No, not strictly speaking. IEC 62304 is a process standard. It is concerned with _how_ you develop your software, not the software itself. Since it is not possible to alter the past, “retrofitting the software into IEC 62304 compliance”, is formally not a way forward.
BUT. Let’s be a bit more pragmatic here.
It is rarely the case that software development is performed in the exact prescribed order defined by a software development process. Therefore, more often than not, there will be a set of remaining development and documentation tasks to finalize after your software is up and running. It could be those additional tests to write, a code review to add, or updating that detailed design document.
This is not specific to the IEC 62304 but applies to any software development or more general software lifecycle process. At times, the actual development and the process are simply slightly out of synch. As long as everything runs well in the end, all tests are passed, the process is largely followed and the documentation is complete and consistent, there is a good case for claiming compliance.
It would therefore be possible to argue that a prototype “catching up” with IEC 62304 is just an extreme case of this “getting back in synch” scenario.
Are there any downsides with this “catching up” approach?
Yes, potentially. IEC 62304 recognizes that the standard requires an extensive testing and documentation effort by the developers. It also recognizes that some parts of the software are less risky than others. As a result. IEC 62304 provides an opportunity to do a little less testing and documentation for the lower-risk parts, as long as you are rigorous about the high-risk parts. If this separation can be made, a lot of work can be avoided.
Why is this a problem for existing software? Can’t I just do a risk analysis on existing parts and then divide them into “safe” and “risky” ones?

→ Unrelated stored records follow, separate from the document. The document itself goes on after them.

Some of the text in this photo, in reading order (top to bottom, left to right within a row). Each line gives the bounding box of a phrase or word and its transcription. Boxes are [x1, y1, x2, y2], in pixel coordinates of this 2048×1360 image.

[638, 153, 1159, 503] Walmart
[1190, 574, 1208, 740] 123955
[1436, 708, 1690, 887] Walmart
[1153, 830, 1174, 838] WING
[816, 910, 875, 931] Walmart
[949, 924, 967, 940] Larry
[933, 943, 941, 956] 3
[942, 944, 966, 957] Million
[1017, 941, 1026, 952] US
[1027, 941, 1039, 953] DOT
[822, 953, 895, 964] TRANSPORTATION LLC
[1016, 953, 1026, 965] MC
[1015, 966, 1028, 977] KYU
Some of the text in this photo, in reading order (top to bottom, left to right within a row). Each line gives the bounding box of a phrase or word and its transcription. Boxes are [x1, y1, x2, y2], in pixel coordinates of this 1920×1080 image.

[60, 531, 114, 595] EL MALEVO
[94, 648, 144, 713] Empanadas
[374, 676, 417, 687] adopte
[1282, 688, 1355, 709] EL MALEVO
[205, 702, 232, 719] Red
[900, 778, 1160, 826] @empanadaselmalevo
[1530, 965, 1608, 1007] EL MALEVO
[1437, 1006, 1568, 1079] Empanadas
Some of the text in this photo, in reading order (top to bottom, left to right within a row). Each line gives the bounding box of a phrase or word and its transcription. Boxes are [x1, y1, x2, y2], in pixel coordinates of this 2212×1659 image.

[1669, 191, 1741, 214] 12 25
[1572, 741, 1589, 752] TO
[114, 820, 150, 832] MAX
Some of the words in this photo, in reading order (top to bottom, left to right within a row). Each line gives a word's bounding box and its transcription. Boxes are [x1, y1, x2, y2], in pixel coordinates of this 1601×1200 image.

Well, not quite. You will discover that a software architecture being efficient and easy to maintain, which is what most software developer intuitively implement and strive for, is not the same as an architecture which separates high and low-risk parts from a patient safety perspective.
If grouping of safety-relevant functionality into dedicated parts is not done from the start, the riskiness tends to spread out and “contaminate” all parts of the software. An architecture with many high-risk software items (parts) and very few low-risk items will ensue.
You can of course accept this situation and do the additional required steps. The IEC 62304 will allow it. But it is a foregone opportunity compared to designing your software with the IEC 62304 in mind from the very start.
Bottom line, is using an existing software not developed according to IEC 62304 worth the trouble?
As described above, depending on the situation, there are definitely options. It all boils down to comparing the inherited risks of the software to the benefit of using it. A very complex software, being hard to rewrite, but does not introduce significant risk is a good candidate for re-use.
However if the number of inherited risks are high and the offered functionality could also be realized by developing and documenting a new software according to an IEC 62304 compliant process, you should strongly consider doing just that.